[Data items]
· · · ·
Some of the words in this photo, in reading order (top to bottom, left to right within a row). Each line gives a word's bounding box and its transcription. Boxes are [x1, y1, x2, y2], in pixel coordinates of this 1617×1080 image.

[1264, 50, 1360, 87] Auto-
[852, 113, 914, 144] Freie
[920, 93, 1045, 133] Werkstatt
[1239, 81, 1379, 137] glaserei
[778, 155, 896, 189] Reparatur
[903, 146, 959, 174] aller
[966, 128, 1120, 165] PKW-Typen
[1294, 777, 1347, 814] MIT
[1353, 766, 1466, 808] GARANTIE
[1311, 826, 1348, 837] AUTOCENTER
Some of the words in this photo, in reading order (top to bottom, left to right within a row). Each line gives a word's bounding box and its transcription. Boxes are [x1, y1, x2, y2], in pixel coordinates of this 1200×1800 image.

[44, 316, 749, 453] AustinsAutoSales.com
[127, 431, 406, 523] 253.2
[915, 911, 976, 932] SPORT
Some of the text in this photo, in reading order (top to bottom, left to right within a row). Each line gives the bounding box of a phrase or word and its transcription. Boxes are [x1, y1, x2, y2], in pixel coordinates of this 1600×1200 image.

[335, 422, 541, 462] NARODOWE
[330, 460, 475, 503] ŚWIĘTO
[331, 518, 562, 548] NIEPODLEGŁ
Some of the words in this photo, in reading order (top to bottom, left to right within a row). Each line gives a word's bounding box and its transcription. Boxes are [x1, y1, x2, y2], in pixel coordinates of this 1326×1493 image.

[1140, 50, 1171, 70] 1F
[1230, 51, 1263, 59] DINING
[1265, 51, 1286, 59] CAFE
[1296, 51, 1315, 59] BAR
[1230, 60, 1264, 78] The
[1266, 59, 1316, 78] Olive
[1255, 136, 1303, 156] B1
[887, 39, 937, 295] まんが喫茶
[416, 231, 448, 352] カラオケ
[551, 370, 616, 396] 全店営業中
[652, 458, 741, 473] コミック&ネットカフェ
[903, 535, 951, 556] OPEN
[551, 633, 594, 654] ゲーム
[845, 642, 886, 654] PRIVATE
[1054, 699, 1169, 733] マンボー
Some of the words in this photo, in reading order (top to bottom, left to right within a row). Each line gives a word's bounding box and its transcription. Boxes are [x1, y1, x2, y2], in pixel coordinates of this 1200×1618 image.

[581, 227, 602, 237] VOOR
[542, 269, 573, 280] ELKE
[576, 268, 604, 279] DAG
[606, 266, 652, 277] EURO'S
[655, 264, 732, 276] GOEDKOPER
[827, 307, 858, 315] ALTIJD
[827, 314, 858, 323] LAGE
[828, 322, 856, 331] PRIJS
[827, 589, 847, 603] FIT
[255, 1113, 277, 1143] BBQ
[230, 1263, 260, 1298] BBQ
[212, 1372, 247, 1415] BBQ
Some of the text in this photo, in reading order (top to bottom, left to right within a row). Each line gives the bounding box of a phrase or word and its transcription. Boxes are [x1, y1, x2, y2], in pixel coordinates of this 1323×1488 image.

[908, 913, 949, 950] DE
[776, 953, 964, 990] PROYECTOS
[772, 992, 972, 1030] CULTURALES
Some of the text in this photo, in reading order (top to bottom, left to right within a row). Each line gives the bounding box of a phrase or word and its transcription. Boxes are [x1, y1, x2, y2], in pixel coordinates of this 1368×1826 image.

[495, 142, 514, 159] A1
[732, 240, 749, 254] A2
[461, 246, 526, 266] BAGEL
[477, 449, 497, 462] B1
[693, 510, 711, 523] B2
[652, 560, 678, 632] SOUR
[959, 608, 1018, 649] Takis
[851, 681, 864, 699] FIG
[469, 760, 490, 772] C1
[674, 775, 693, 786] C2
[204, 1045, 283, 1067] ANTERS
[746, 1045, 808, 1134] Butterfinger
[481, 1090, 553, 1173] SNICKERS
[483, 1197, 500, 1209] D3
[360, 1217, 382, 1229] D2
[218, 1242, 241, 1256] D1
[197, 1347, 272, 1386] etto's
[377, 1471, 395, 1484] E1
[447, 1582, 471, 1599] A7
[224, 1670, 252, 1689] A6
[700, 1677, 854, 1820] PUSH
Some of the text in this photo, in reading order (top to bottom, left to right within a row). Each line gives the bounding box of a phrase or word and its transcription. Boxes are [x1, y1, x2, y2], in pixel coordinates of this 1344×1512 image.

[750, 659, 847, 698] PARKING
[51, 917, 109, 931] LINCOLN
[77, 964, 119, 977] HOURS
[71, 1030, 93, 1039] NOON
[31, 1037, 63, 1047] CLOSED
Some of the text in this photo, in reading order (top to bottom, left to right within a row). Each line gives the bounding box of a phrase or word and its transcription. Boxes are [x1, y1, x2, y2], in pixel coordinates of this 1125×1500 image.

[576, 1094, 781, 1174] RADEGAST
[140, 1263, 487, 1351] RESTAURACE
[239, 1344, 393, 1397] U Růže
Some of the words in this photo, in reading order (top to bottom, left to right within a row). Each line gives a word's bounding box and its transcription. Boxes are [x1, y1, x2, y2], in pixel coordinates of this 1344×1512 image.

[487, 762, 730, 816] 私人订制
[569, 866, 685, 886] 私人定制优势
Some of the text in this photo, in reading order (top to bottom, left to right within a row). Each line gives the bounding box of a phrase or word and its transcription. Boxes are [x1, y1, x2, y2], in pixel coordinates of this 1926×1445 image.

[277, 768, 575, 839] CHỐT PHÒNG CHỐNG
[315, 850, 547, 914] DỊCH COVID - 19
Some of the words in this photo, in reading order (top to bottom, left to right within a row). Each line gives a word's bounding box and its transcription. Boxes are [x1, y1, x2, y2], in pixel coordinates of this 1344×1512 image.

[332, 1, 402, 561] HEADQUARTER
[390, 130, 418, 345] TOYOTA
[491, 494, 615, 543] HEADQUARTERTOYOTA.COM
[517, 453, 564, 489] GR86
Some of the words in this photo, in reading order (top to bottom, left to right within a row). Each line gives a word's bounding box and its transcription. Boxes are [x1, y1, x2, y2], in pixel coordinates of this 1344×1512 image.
· · · ·
## THE TASK
Print all the records precisely.

## RESPONSE TO THIS EXERCISE
Some of the words in this photo, in reading order (top to bottom, left to right within a row). Each line gives a word's bounding box and its transcription. Boxes are [x1, y1, x2, y2], in pixel coordinates of this 1617×1080 image.

[1264, 50, 1360, 87] Auto-
[852, 113, 914, 144] Freie
[920, 93, 1045, 133] Werkstatt
[1239, 81, 1379, 137] glaserei
[778, 155, 896, 189] Reparatur
[903, 146, 959, 174] aller
[966, 128, 1120, 165] PKW-Typen
[1294, 777, 1347, 814] MIT
[1353, 766, 1466, 808] GARANTIE
[1311, 826, 1348, 837] AUTOCENTER
Some of the words in this photo, in reading order (top to bottom, left to right within a row). Each line gives a word's bounding box and its transcription. Boxes are [x1, y1, x2, y2], in pixel coordinates of this 1200×1800 image.

[44, 316, 749, 453] AustinsAutoSales.com
[127, 431, 406, 523] 253.2
[915, 911, 976, 932] SPORT
Some of the text in this photo, in reading order (top to bottom, left to right within a row). Each line gives the bounding box of a phrase or word and its transcription. Boxes are [x1, y1, x2, y2], in pixel coordinates of this 1600×1200 image.

[335, 422, 541, 462] NARODOWE
[330, 460, 475, 503] ŚWIĘTO
[331, 518, 562, 548] NIEPODLEGŁ
Some of the words in this photo, in reading order (top to bottom, left to right within a row). Each line gives a word's bounding box and its transcription. Boxes are [x1, y1, x2, y2], in pixel coordinates of this 1326×1493 image.

[1140, 50, 1171, 70] 1F
[1230, 51, 1263, 59] DINING
[1265, 51, 1286, 59] CAFE
[1296, 51, 1315, 59] BAR
[1230, 60, 1264, 78] The
[1266, 59, 1316, 78] Olive
[1255, 136, 1303, 156] B1
[887, 39, 937, 295] まんが喫茶
[416, 231, 448, 352] カラオケ
[551, 370, 616, 396] 全店営業中
[652, 458, 741, 473] コミック&ネットカフェ
[903, 535, 951, 556] OPEN
[551, 633, 594, 654] ゲーム
[845, 642, 886, 654] PRIVATE
[1054, 699, 1169, 733] マンボー
Some of the words in this photo, in reading order (top to bottom, left to right within a row). Each line gives a word's bounding box and its transcription. Boxes are [x1, y1, x2, y2], in pixel coordinates of this 1200×1618 image.

[581, 227, 602, 237] VOOR
[542, 269, 573, 280] ELKE
[576, 268, 604, 279] DAG
[606, 266, 652, 277] EURO'S
[655, 264, 732, 276] GOEDKOPER
[827, 307, 858, 315] ALTIJD
[827, 314, 858, 323] LAGE
[828, 322, 856, 331] PRIJS
[827, 589, 847, 603] FIT
[255, 1113, 277, 1143] BBQ
[230, 1263, 260, 1298] BBQ
[212, 1372, 247, 1415] BBQ
Some of the text in this photo, in reading order (top to bottom, left to right within a row). Each line gives the bounding box of a phrase or word and its transcription. Boxes are [x1, y1, x2, y2], in pixel coordinates of this 1323×1488 image.

[908, 913, 949, 950] DE
[776, 953, 964, 990] PROYECTOS
[772, 992, 972, 1030] CULTURALES
Some of the text in this photo, in reading order (top to bottom, left to right within a row). Each line gives the bounding box of a phrase or word and its transcription. Boxes are [x1, y1, x2, y2], in pixel coordinates of this 1368×1826 image.

[495, 142, 514, 159] A1
[732, 240, 749, 254] A2
[461, 246, 526, 266] BAGEL
[477, 449, 497, 462] B1
[693, 510, 711, 523] B2
[652, 560, 678, 632] SOUR
[959, 608, 1018, 649] Takis
[851, 681, 864, 699] FIG
[469, 760, 490, 772] C1
[674, 775, 693, 786] C2
[204, 1045, 283, 1067] ANTERS
[746, 1045, 808, 1134] Butterfinger
[481, 1090, 553, 1173] SNICKERS
[483, 1197, 500, 1209] D3
[360, 1217, 382, 1229] D2
[218, 1242, 241, 1256] D1
[197, 1347, 272, 1386] etto's
[377, 1471, 395, 1484] E1
[447, 1582, 471, 1599] A7
[224, 1670, 252, 1689] A6
[700, 1677, 854, 1820] PUSH
Some of the text in this photo, in reading order (top to bottom, left to right within a row). Each line gives the bounding box of a phrase or word and its transcription. Boxes are [x1, y1, x2, y2], in pixel coordinates of this 1344×1512 image.

[750, 659, 847, 698] PARKING
[51, 917, 109, 931] LINCOLN
[77, 964, 119, 977] HOURS
[71, 1030, 93, 1039] NOON
[31, 1037, 63, 1047] CLOSED
Some of the text in this photo, in reading order (top to bottom, left to right within a row). Each line gives the bounding box of a phrase or word and its transcription. Boxes are [x1, y1, x2, y2], in pixel coordinates of this 1125×1500 image.

[576, 1094, 781, 1174] RADEGAST
[140, 1263, 487, 1351] RESTAURACE
[239, 1344, 393, 1397] U Růže
Some of the words in this photo, in reading order (top to bottom, left to right within a row). Each line gives a word's bounding box and its transcription. Boxes are [x1, y1, x2, y2], in pixel coordinates of this 1344×1512 image.

[487, 762, 730, 816] 私人订制
[569, 866, 685, 886] 私人定制优势
Some of the text in this photo, in reading order (top to bottom, left to right within a row). Each line gives the bounding box of a phrase or word and its transcription. Boxes are [x1, y1, x2, y2], in pixel coordinates of this 1926×1445 image.

[277, 768, 575, 839] CHỐT PHÒNG CHỐNG
[315, 850, 547, 914] DỊCH COVID - 19
Some of the words in this photo, in reading order (top to bottom, left to right within a row). Each line gives a word's bounding box and its transcription. Boxes are [x1, y1, x2, y2], in pixel coordinates of this 1344×1512 image.

[332, 1, 402, 561] HEADQUARTER
[390, 130, 418, 345] TOYOTA
[491, 494, 615, 543] HEADQUARTERTOYOTA.COM
[517, 453, 564, 489] GR86
Some of the words in this photo, in reading order (top to bottom, left to right within a row). Each line gives a word's bounding box and its transcription. Boxes are [x1, y1, x2, y2], in pixel coordinates of this 1344×1512 image.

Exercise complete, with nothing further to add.